[PROBLEM]
Once the images are removed, set down everything else in the listing below exactly.
[DATA EXTRACTS — start]
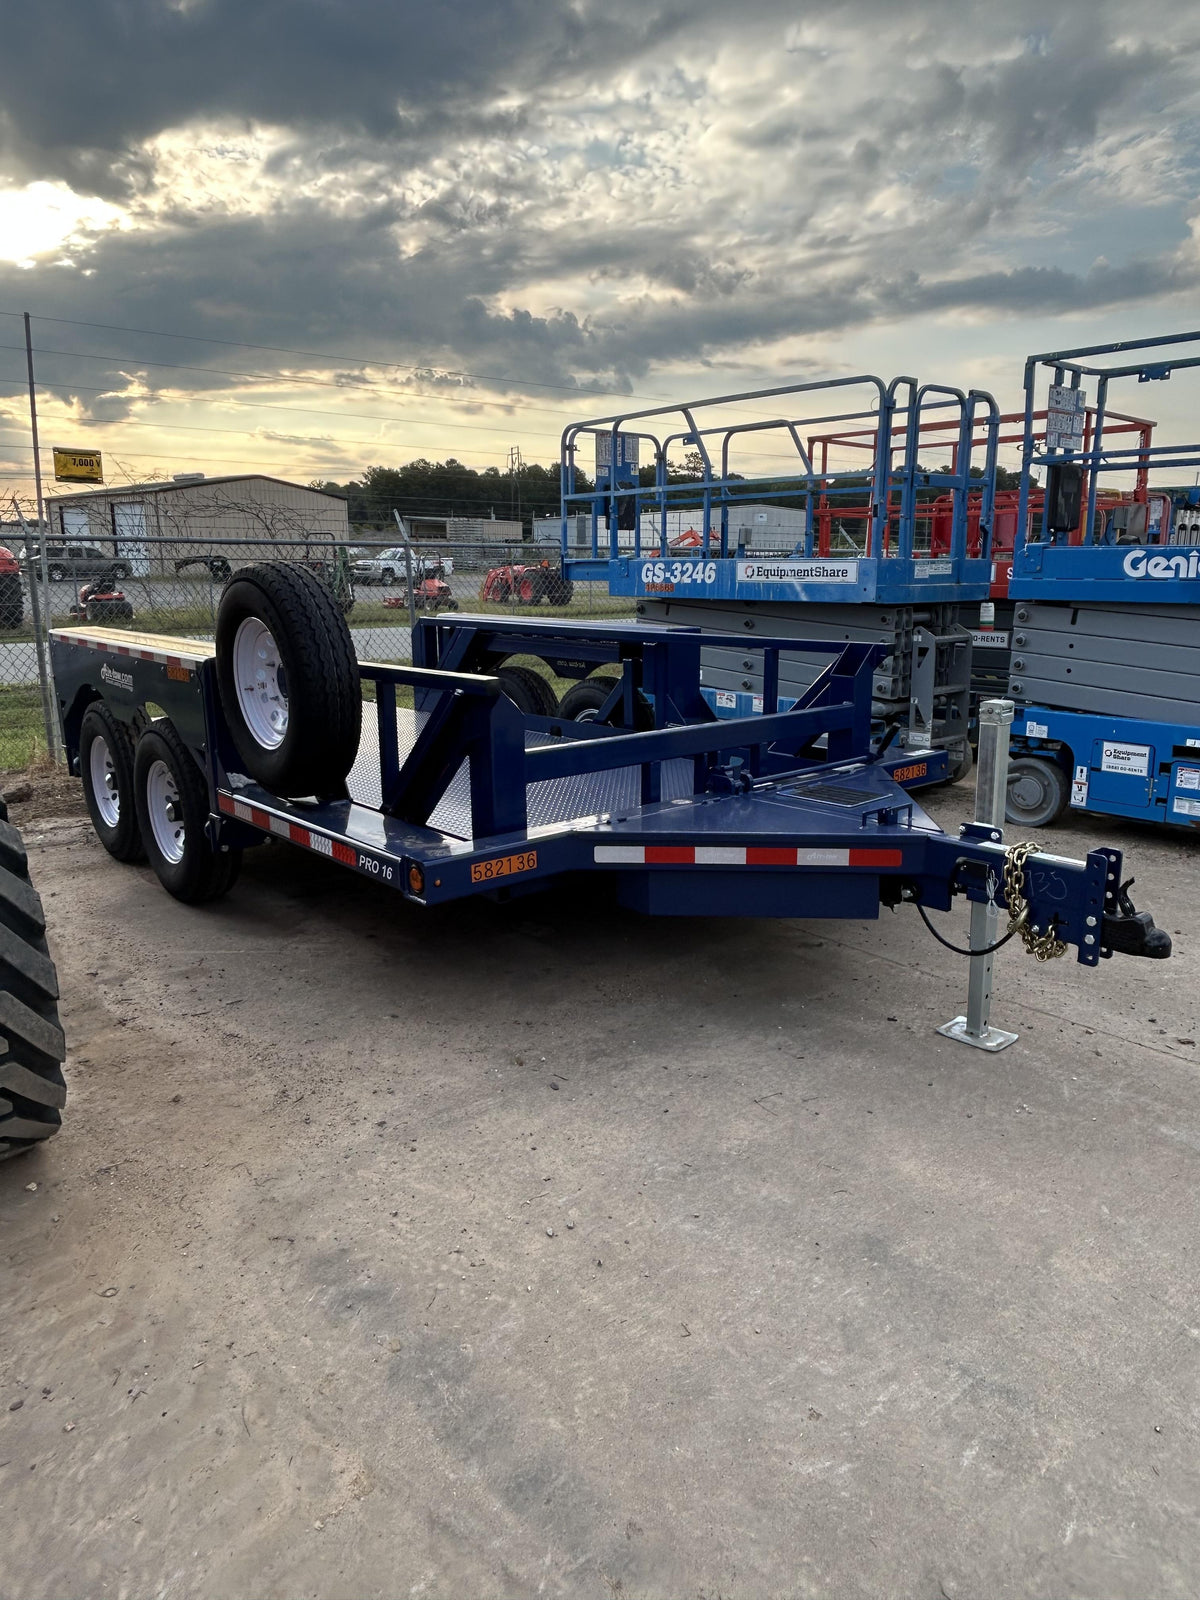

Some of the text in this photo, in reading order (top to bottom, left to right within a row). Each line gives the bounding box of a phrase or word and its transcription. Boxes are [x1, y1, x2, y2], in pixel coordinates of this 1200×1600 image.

[72, 458, 94, 467] 7,000
[641, 562, 716, 584] GS-3246
[756, 566, 848, 579] EquipmentShare
[1123, 549, 1200, 577] Geni
[1113, 749, 1147, 758] Equipment
[894, 764, 927, 782] 582136
[359, 855, 393, 880] PRO 16
[473, 852, 537, 882] 582136
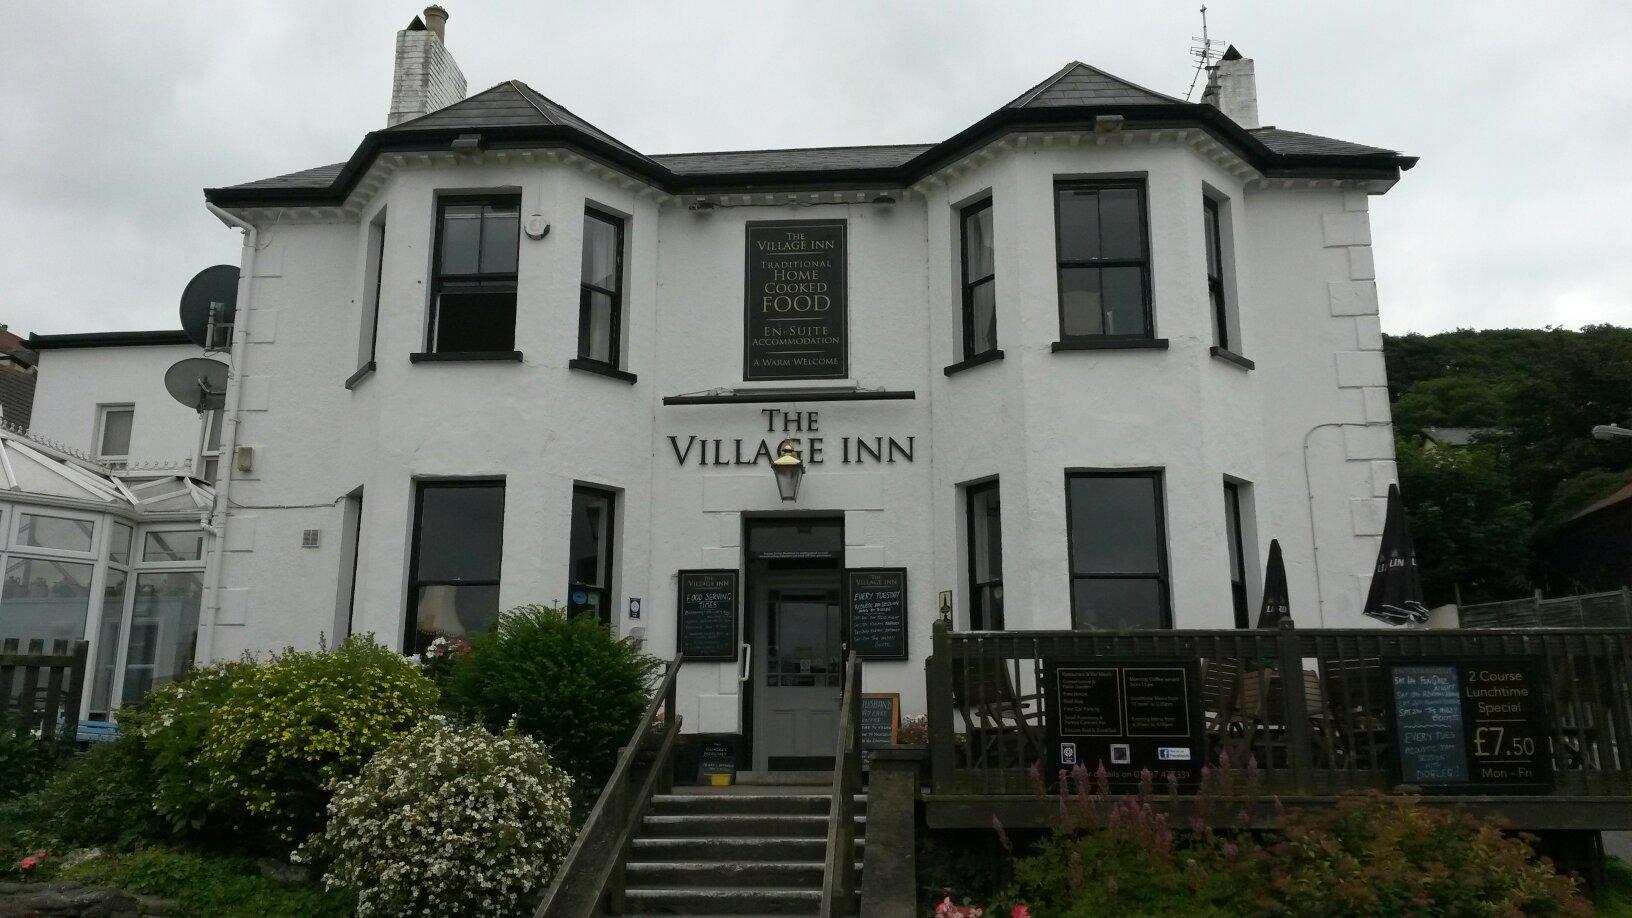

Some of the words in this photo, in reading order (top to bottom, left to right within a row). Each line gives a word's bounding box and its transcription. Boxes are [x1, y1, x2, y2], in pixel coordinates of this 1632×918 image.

[757, 241, 807, 250] VILLAGE
[811, 240, 835, 250] INN
[761, 260, 832, 269] TRADITIONAL
[774, 270, 819, 280] HOME
[764, 282, 828, 294] COOKED
[762, 295, 831, 312] FOOD
[764, 326, 829, 336] EN-SUITE
[752, 336, 840, 346] ACCOMMODATION
[762, 358, 791, 366] WARM
[794, 358, 838, 366] WELCOME
[761, 408, 819, 432] THE
[842, 436, 915, 464] INN
[686, 594, 703, 602] FOOD
[705, 592, 732, 601] SERVING
[1468, 670, 1476, 682] 2
[1480, 670, 1523, 682] Course
[1466, 686, 1529, 697] Lunchtime
[1478, 701, 1521, 716] Special
[1474, 727, 1535, 756] £7.50
[1482, 768, 1507, 778] Mon
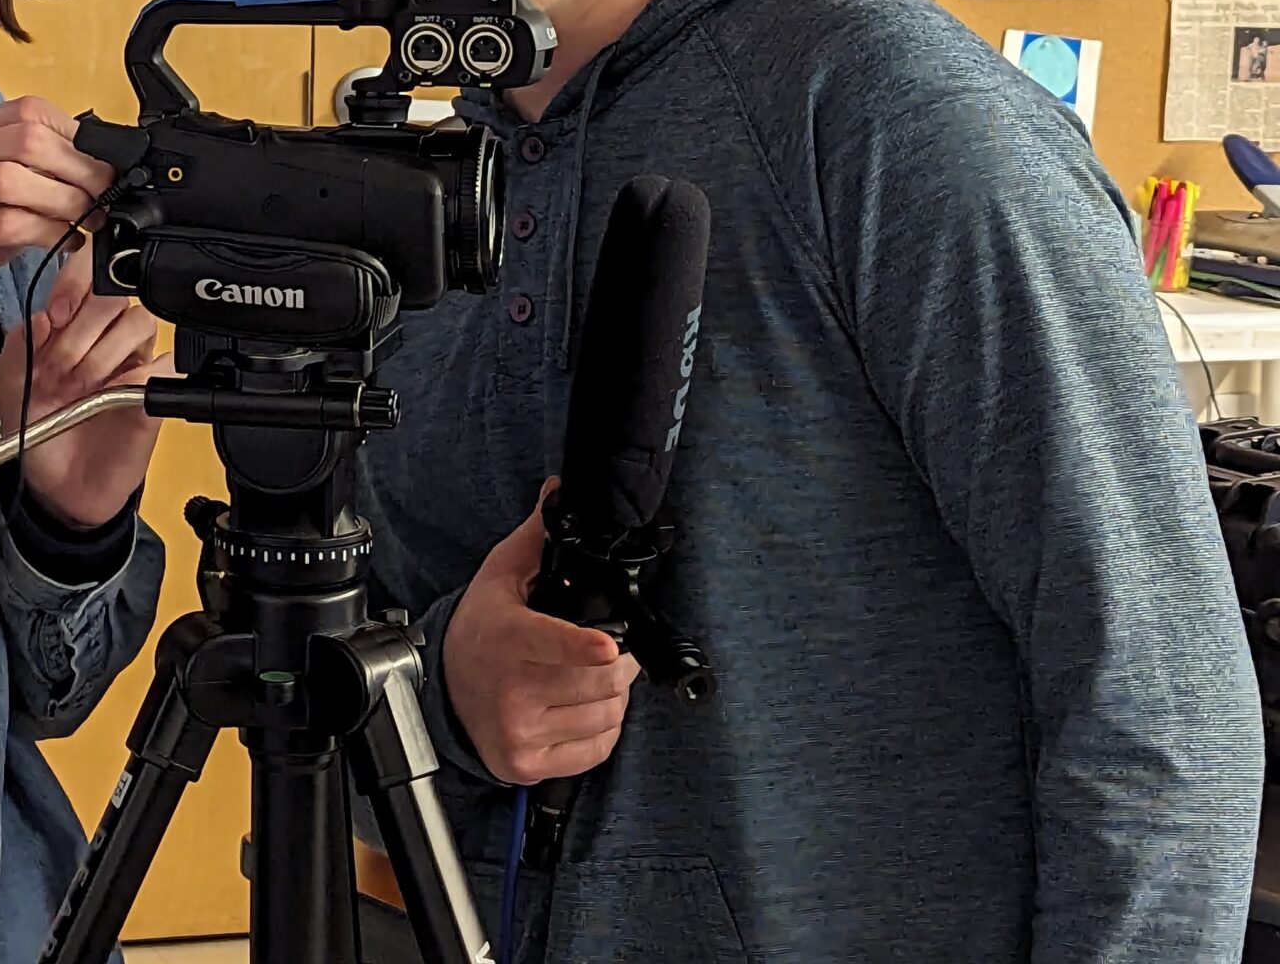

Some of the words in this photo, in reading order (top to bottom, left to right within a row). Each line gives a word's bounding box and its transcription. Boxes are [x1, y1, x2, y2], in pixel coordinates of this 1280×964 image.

[414, 15, 436, 23] INPUT
[472, 16, 494, 24] INPUT
[195, 278, 305, 310] Canon
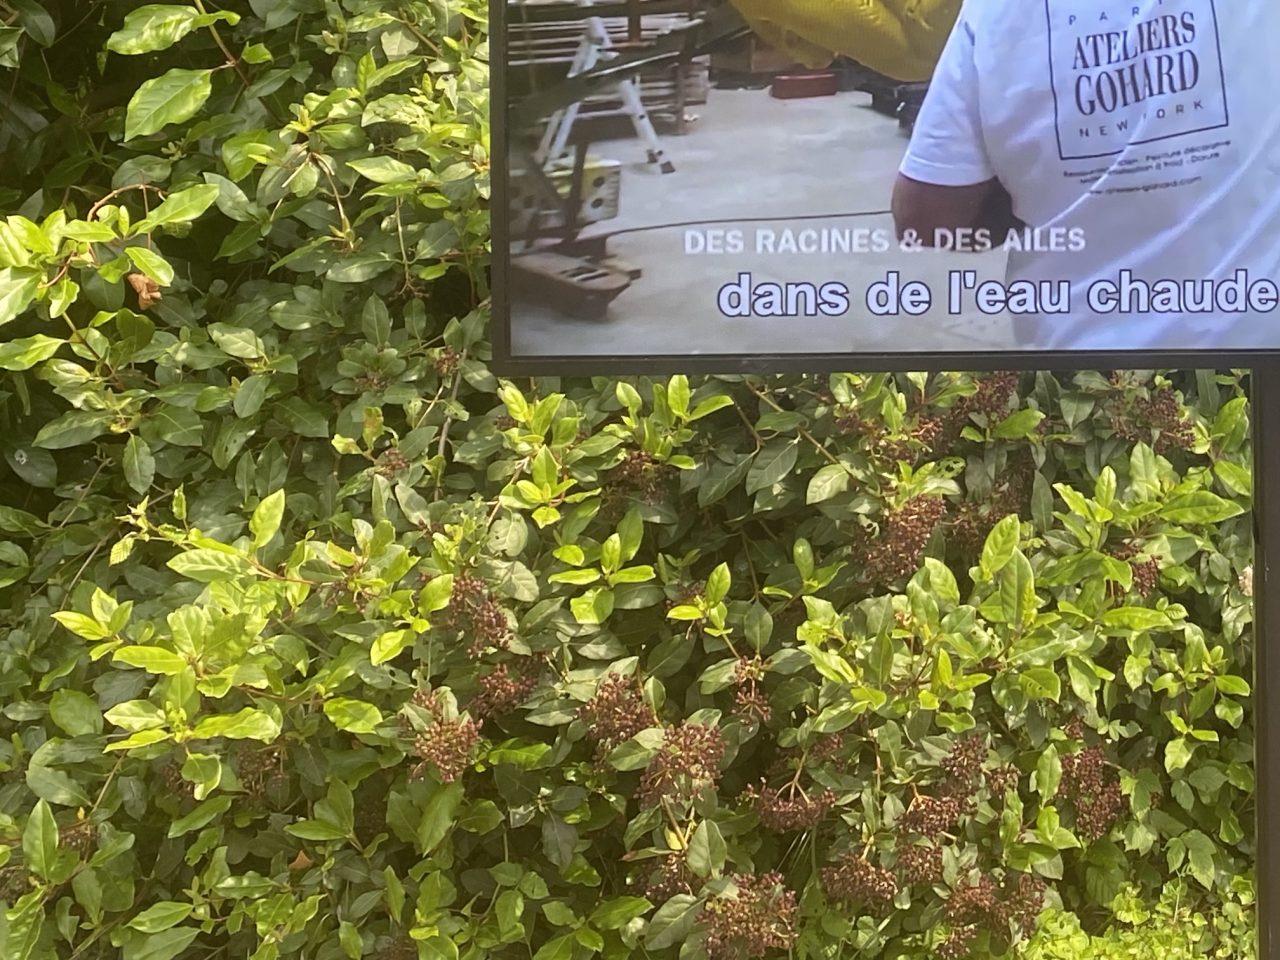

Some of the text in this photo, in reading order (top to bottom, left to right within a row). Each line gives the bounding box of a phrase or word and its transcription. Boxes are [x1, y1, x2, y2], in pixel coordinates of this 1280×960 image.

[1072, 11, 1196, 70] ATELIERS
[1075, 49, 1200, 116] GOHARD
[1079, 99, 1204, 138] NEW ORK
[684, 227, 1086, 254] DES RACINES & DES AILES
[717, 272, 849, 317] dans
[866, 271, 931, 316] de
[947, 271, 1071, 315] l'eau
[1087, 269, 1278, 314] chaude
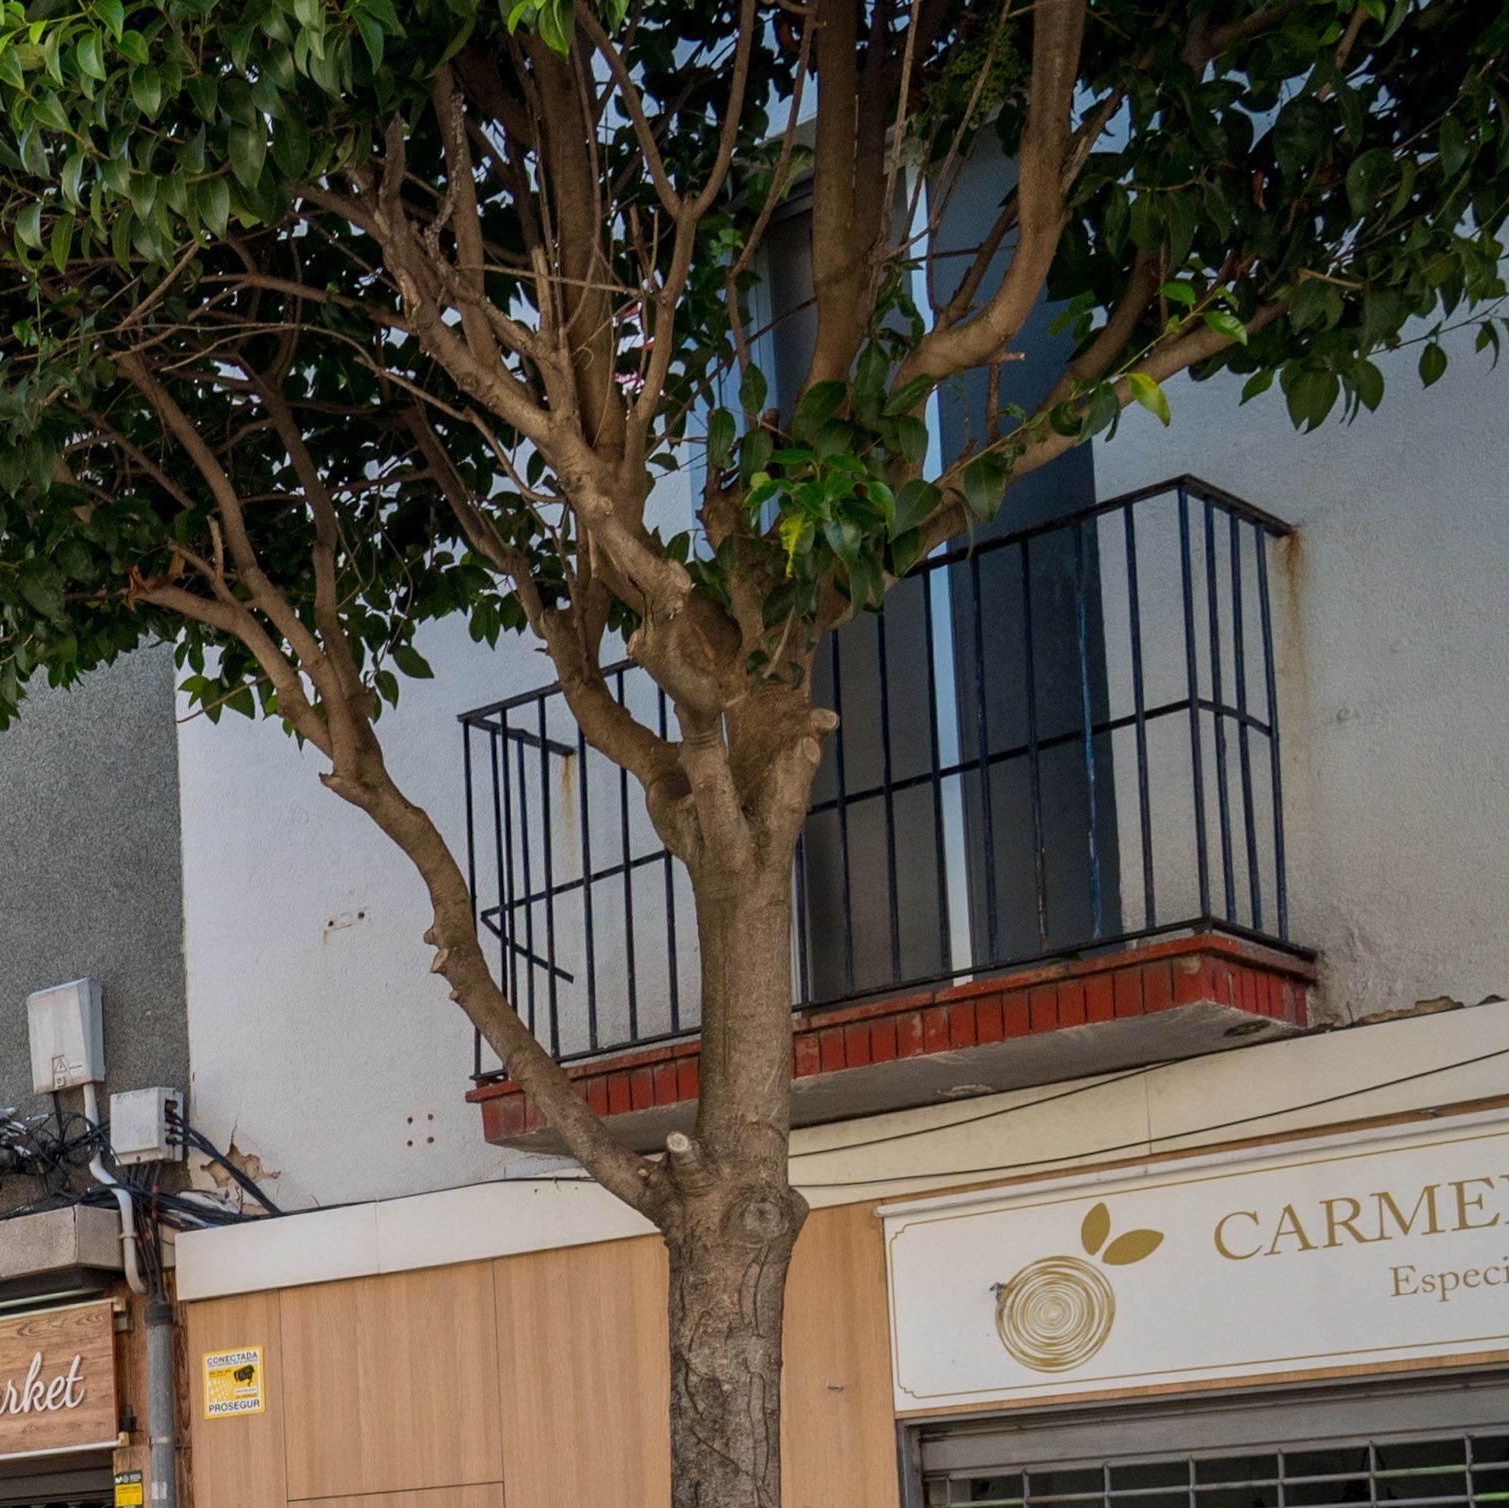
[DATA EXTRACTS — finish]
[ANSWER BOX]
Some of the text in this photo, in reading order (top to bottom, left to right within a row). Each line gives the bounding box of a phrase or word and its transcription. Boxes are [x1, y1, x2, y2], in pixel coordinates of this 1200×1600 image.

[72, 458, 94, 467] 7,000
[641, 562, 716, 584] GS-3246
[756, 566, 848, 579] EquipmentShare
[1123, 549, 1200, 577] Geni
[1113, 749, 1147, 758] Equipment
[894, 764, 927, 782] 582136
[359, 855, 393, 880] PRO 16
[473, 852, 537, 882] 582136

Some of the words in this photo, in reading order (top to bottom, left to right within a row). Each line gives a word's bounding box and its transcription. Boxes are [x1, y1, x2, y2], in pixel coordinates of this 1632×918 image.

[757, 241, 807, 250] VILLAGE
[811, 240, 835, 250] INN
[761, 260, 832, 269] TRADITIONAL
[774, 270, 819, 280] HOME
[764, 282, 828, 294] COOKED
[762, 295, 831, 312] FOOD
[764, 326, 829, 336] EN-SUITE
[752, 336, 840, 346] ACCOMMODATION
[762, 358, 791, 366] WARM
[794, 358, 838, 366] WELCOME
[761, 408, 819, 432] THE
[842, 436, 915, 464] INN
[686, 594, 703, 602] FOOD
[705, 592, 732, 601] SERVING
[1468, 670, 1476, 682] 2
[1480, 670, 1523, 682] Course
[1466, 686, 1529, 697] Lunchtime
[1478, 701, 1521, 716] Special
[1474, 727, 1535, 756] £7.50
[1482, 768, 1507, 778] Mon

Some of the words in this photo, in reading order (top to bottom, left to right within a row). Each line gives a word's bounding box and its transcription. Boxes are [x1, y1, x2, y2], in pixel coordinates of this 1280×964 image.

[414, 15, 436, 23] INPUT
[472, 16, 494, 24] INPUT
[195, 278, 305, 310] Canon

Some of the text in this photo, in reading order (top to bottom, left to right within a row). Each line gives the bounding box of a phrase or word and its transcription. Boxes are [x1, y1, x2, y2], in pixel coordinates of this 1280×960 image.

[1072, 11, 1196, 70] ATELIERS
[1075, 49, 1200, 116] GOHARD
[1079, 99, 1204, 138] NEW ORK
[684, 227, 1086, 254] DES RACINES & DES AILES
[717, 272, 849, 317] dans
[866, 271, 931, 316] de
[947, 271, 1071, 315] l'eau
[1087, 269, 1278, 314] chaude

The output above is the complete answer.